## INPUT FOR THIS TASK
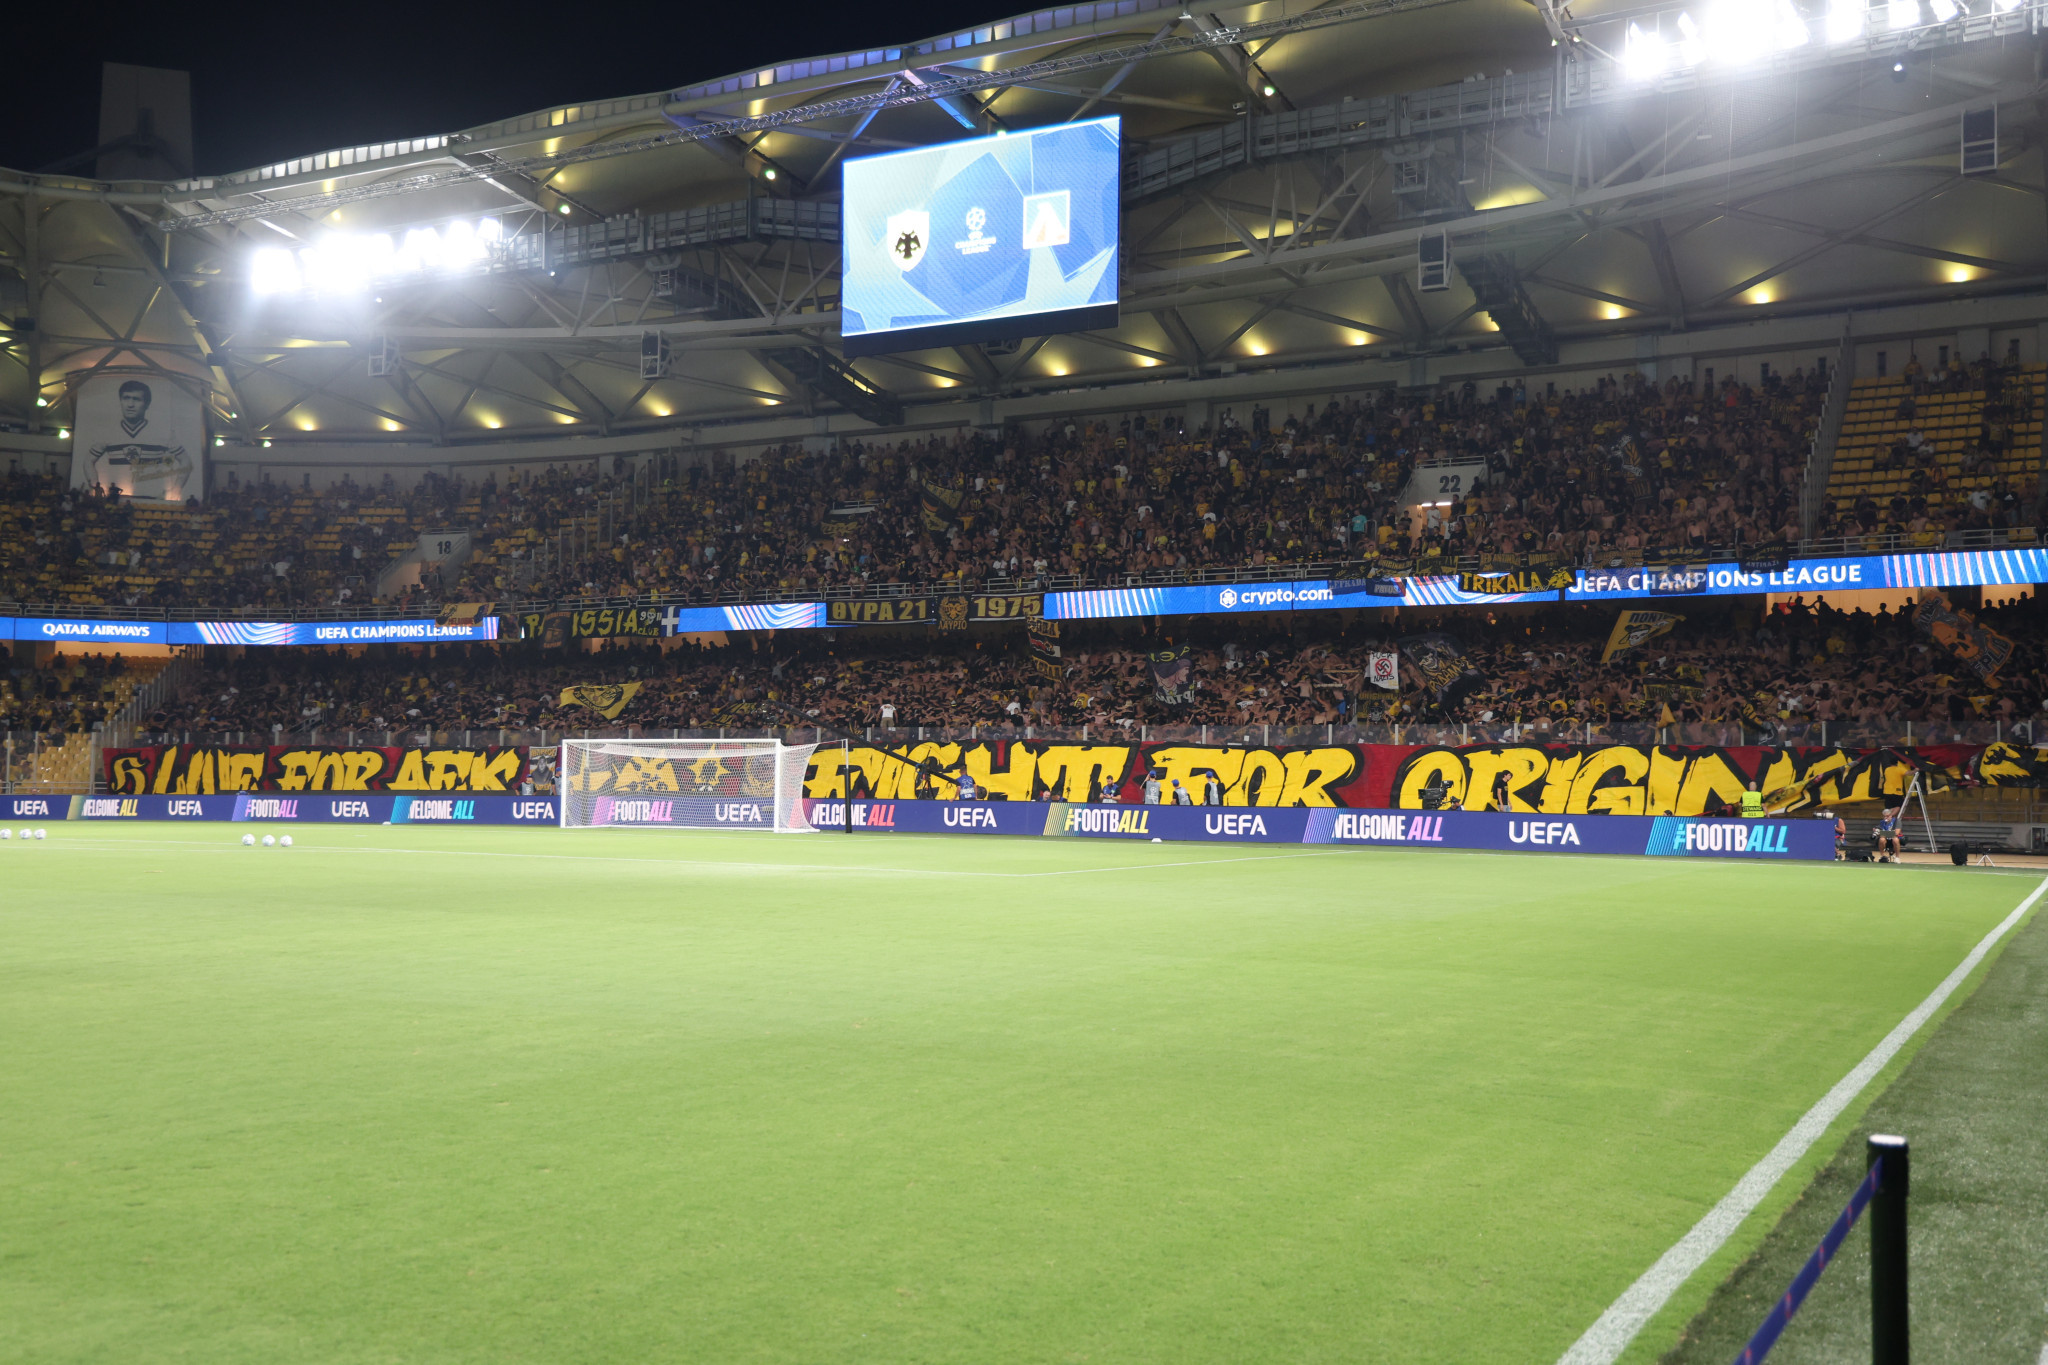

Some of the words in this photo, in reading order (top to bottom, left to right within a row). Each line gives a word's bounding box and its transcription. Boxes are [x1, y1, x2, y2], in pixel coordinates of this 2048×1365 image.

[1440, 475, 1461, 494] 22
[437, 541, 452, 555] 18
[1461, 571, 1542, 594] TRIKALA
[1769, 564, 1862, 586] LEAGUE
[1241, 588, 1333, 605] crypto.com
[899, 599, 927, 619] 21
[974, 595, 1041, 617] 1975
[42, 623, 90, 636] QATAR
[92, 624, 150, 637] AIRWAYS
[316, 626, 349, 639] UEFA
[351, 624, 425, 638] CHAMPIONS
[427, 624, 473, 637] LEAGUE
[275, 749, 384, 791] FOR
[386, 748, 521, 791] AEK
[1149, 746, 1356, 809] FOR
[13, 800, 49, 816] UEFA
[119, 798, 138, 817] ALL
[168, 800, 203, 816] UEFA
[331, 801, 370, 818] UEFA
[453, 800, 475, 820] ALL
[512, 801, 555, 819] UEFA
[715, 803, 762, 822] UEFA
[867, 803, 895, 827] ALL
[943, 807, 998, 828] UEFA
[1205, 813, 1268, 836] UEFA
[1407, 815, 1444, 842] ALL
[1508, 820, 1582, 846] UEFA
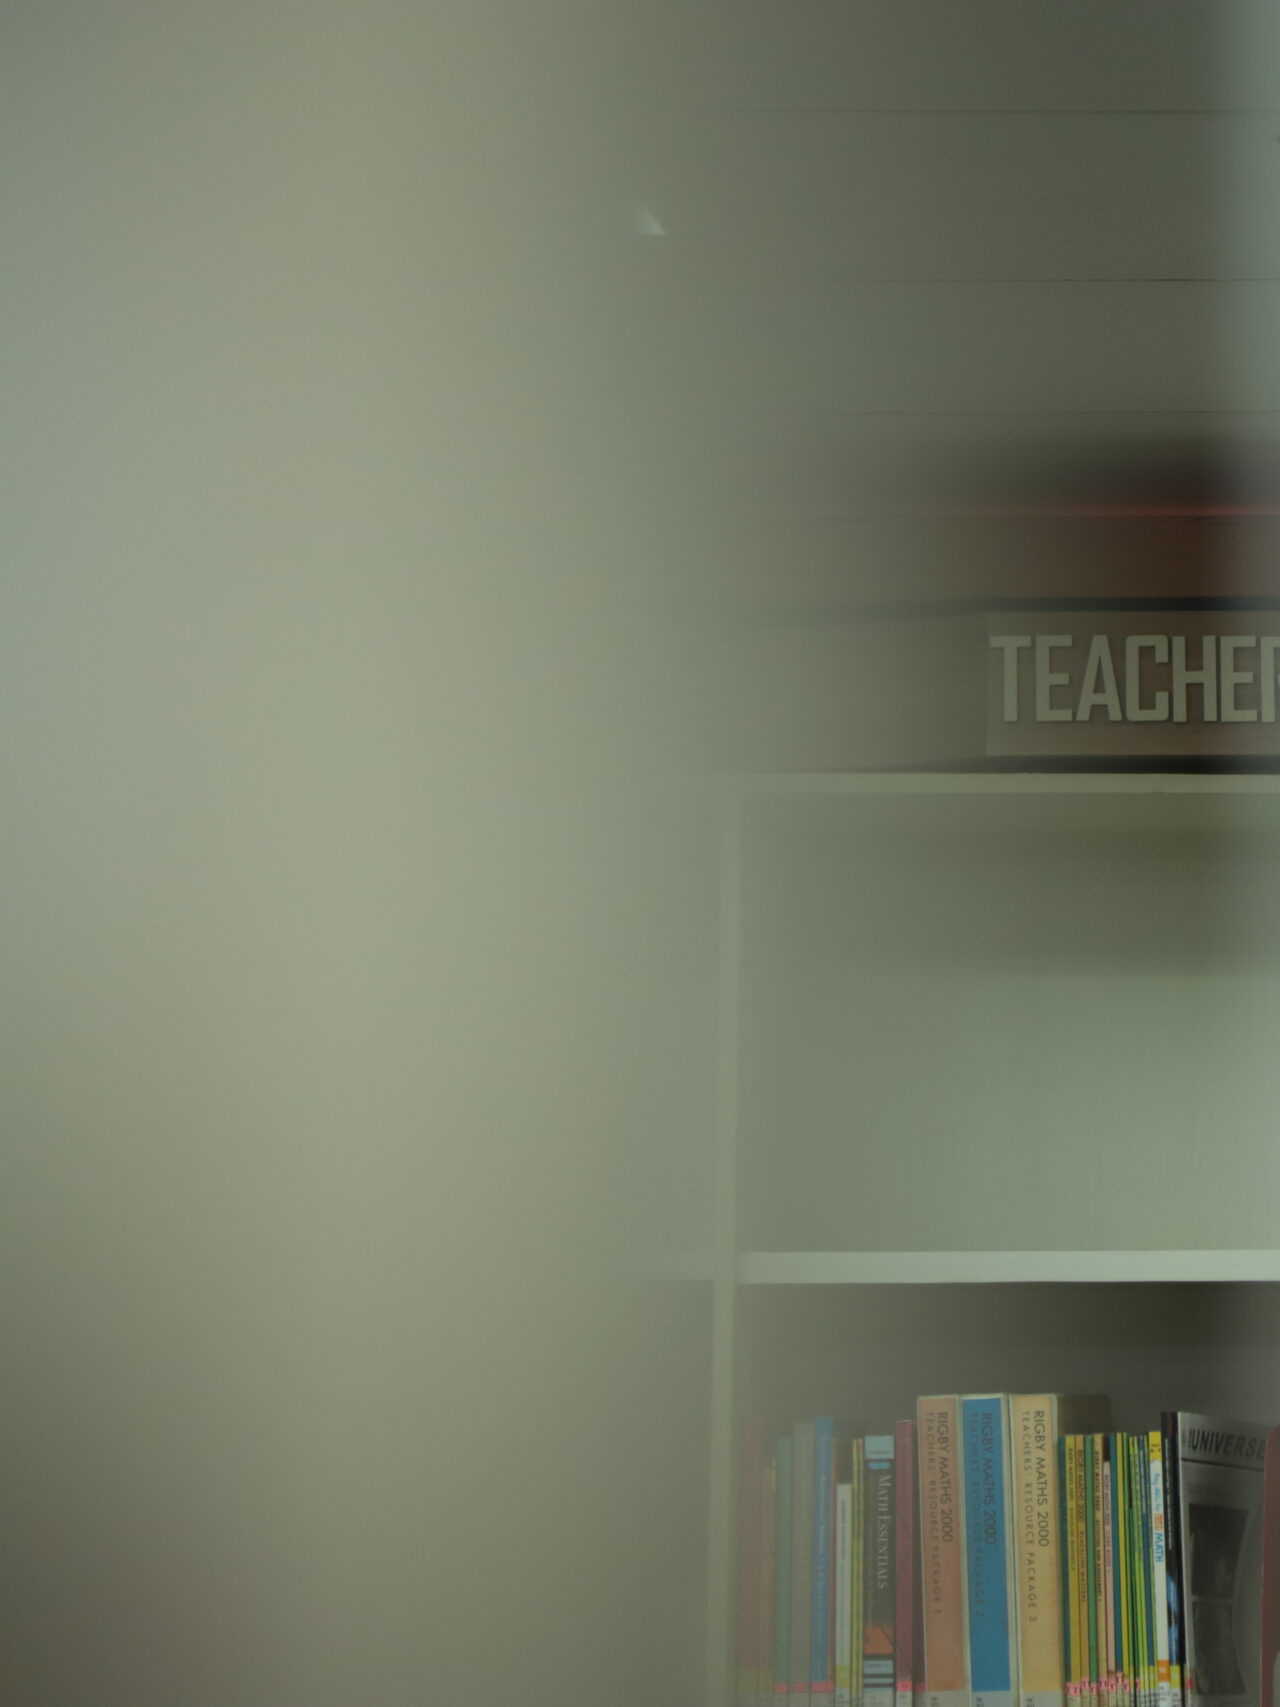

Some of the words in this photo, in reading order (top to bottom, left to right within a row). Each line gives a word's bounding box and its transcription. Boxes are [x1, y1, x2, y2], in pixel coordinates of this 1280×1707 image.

[936, 1411, 949, 1453] RIGBY
[981, 1412, 994, 1455] RIGBY
[1033, 1410, 1046, 1452] RIGBY
[938, 1456, 951, 1505] MATHS
[983, 1457, 995, 1506] MATHS
[1035, 1457, 1048, 1506] MATHS
[928, 1481, 939, 1541] RESOURCE
[940, 1508, 954, 1543] 2000
[984, 1510, 997, 1545] 2000
[1024, 1483, 1035, 1545] RESOURCE
[1037, 1511, 1050, 1547] 2000
[1154, 1532, 1164, 1563] MATH
[1026, 1552, 1037, 1609] PACKAGE

## PROBLEM DETAILS
Each entry above should be written out again exactly, without its pictures.

## WRITTEN RESPONSE
Some of the words in this photo, in reading order (top to bottom, left to right within a row). Each line gives a word's bounding box and its transcription. Boxes are [x1, y1, x2, y2], in pixel coordinates of this 2048×1365 image.

[1440, 475, 1461, 494] 22
[437, 541, 452, 555] 18
[1461, 571, 1542, 594] TRIKALA
[1769, 564, 1862, 586] LEAGUE
[1241, 588, 1333, 605] crypto.com
[899, 599, 927, 619] 21
[974, 595, 1041, 617] 1975
[42, 623, 90, 636] QATAR
[92, 624, 150, 637] AIRWAYS
[316, 626, 349, 639] UEFA
[351, 624, 425, 638] CHAMPIONS
[427, 624, 473, 637] LEAGUE
[275, 749, 384, 791] FOR
[386, 748, 521, 791] AEK
[1149, 746, 1356, 809] FOR
[13, 800, 49, 816] UEFA
[119, 798, 138, 817] ALL
[168, 800, 203, 816] UEFA
[331, 801, 370, 818] UEFA
[453, 800, 475, 820] ALL
[512, 801, 555, 819] UEFA
[715, 803, 762, 822] UEFA
[867, 803, 895, 827] ALL
[943, 807, 998, 828] UEFA
[1205, 813, 1268, 836] UEFA
[1407, 815, 1444, 842] ALL
[1508, 820, 1582, 846] UEFA

Some of the words in this photo, in reading order (top to bottom, left to right within a row). Each line gives a word's bounding box and its transcription. Boxes are [x1, y1, x2, y2], in pixel coordinates of this 1280×1707 image.

[936, 1411, 949, 1453] RIGBY
[981, 1412, 994, 1455] RIGBY
[1033, 1410, 1046, 1452] RIGBY
[938, 1456, 951, 1505] MATHS
[983, 1457, 995, 1506] MATHS
[1035, 1457, 1048, 1506] MATHS
[928, 1481, 939, 1541] RESOURCE
[940, 1508, 954, 1543] 2000
[984, 1510, 997, 1545] 2000
[1024, 1483, 1035, 1545] RESOURCE
[1037, 1511, 1050, 1547] 2000
[1154, 1532, 1164, 1563] MATH
[1026, 1552, 1037, 1609] PACKAGE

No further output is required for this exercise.